_AIM OF THE EXERCISE_:
Would you repeat each line below exactly, without the pictures?

=== SOURCE MATERIAL ===

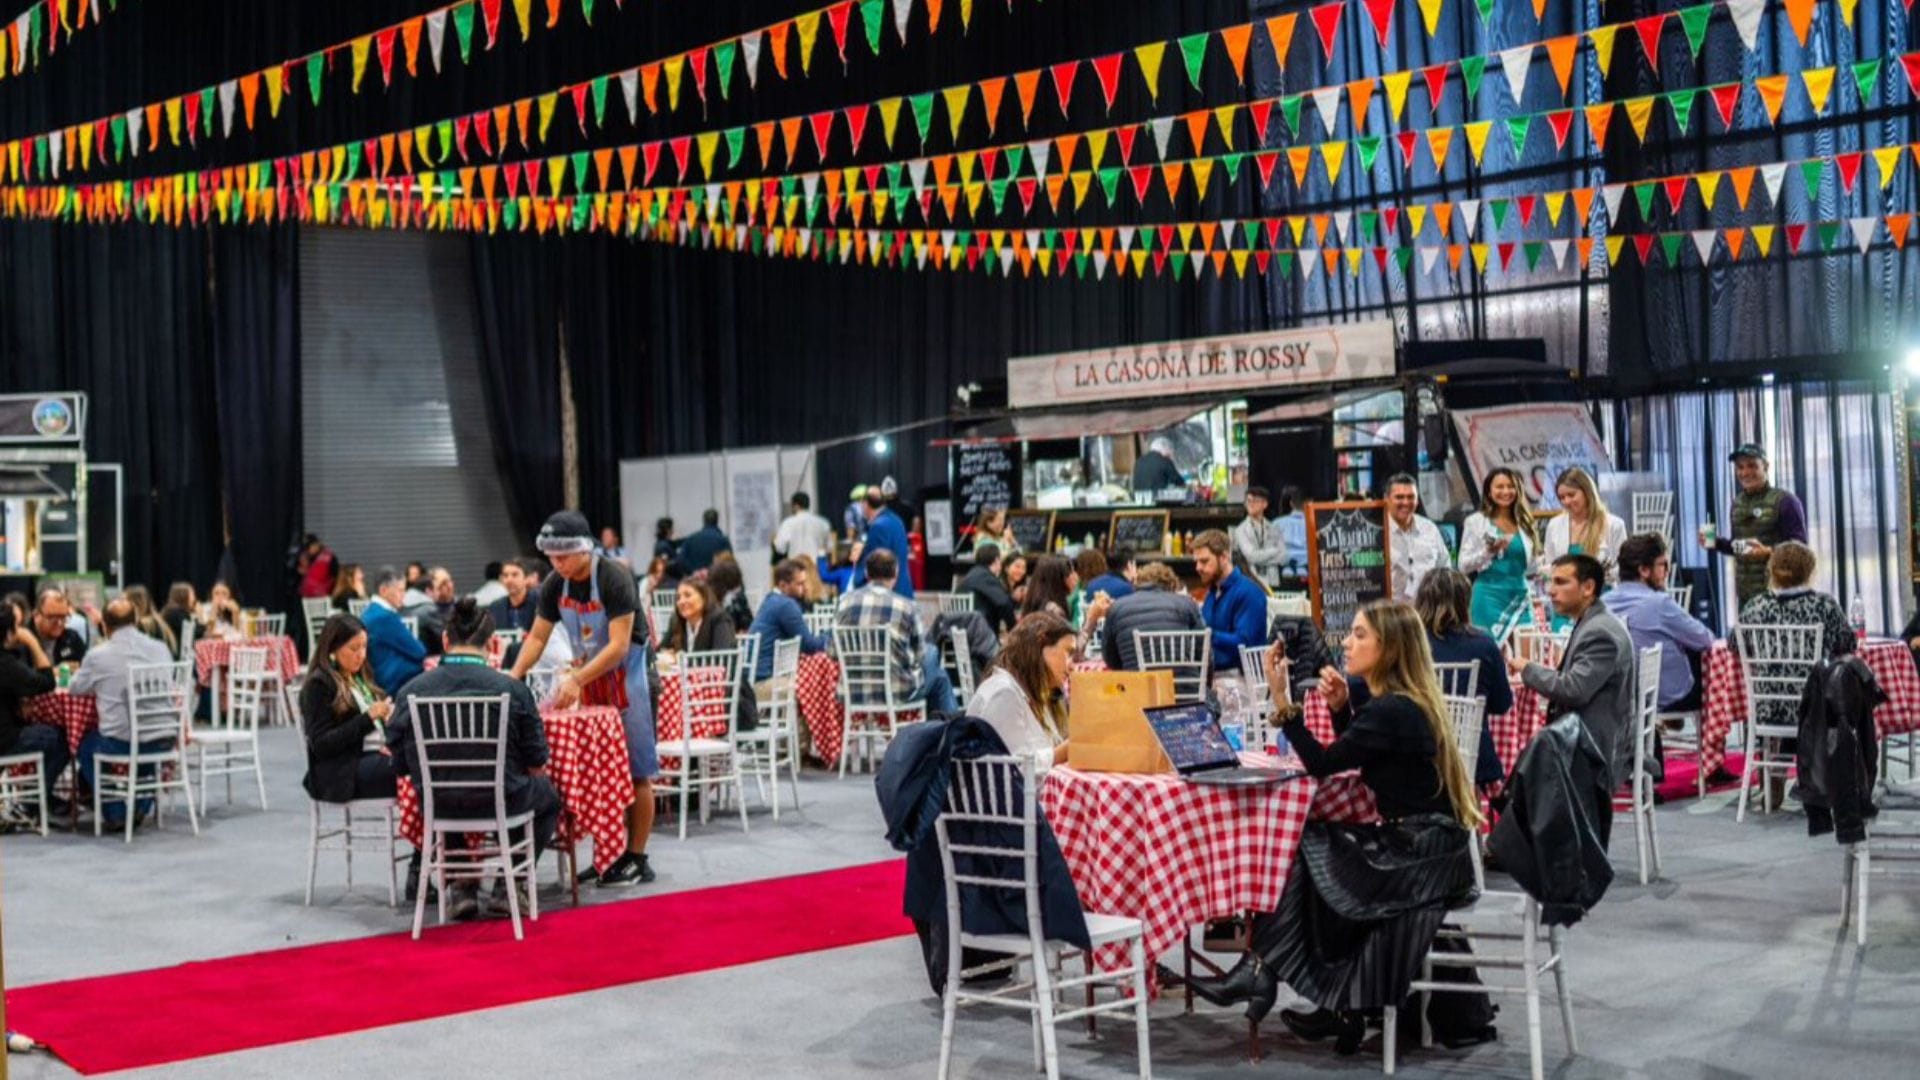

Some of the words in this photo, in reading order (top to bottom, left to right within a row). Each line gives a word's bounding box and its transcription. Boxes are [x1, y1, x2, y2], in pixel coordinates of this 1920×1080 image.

[1075, 364, 1099, 387] LA
[1105, 354, 1191, 385] CASONA
[1200, 351, 1228, 377] DE
[1235, 341, 1312, 374] ROSSY
[1499, 447, 1518, 464] LA

===

_THE ANSWER_:
Some of the words in this photo, in reading order (top to bottom, left to right within a row). Each line gives a word's bounding box and its transcription. Boxes are [x1, y1, x2, y2], in pixel coordinates of this 1920×1080 image.

[1075, 364, 1099, 387] LA
[1105, 354, 1191, 385] CASONA
[1200, 351, 1228, 377] DE
[1235, 341, 1312, 374] ROSSY
[1499, 447, 1518, 464] LA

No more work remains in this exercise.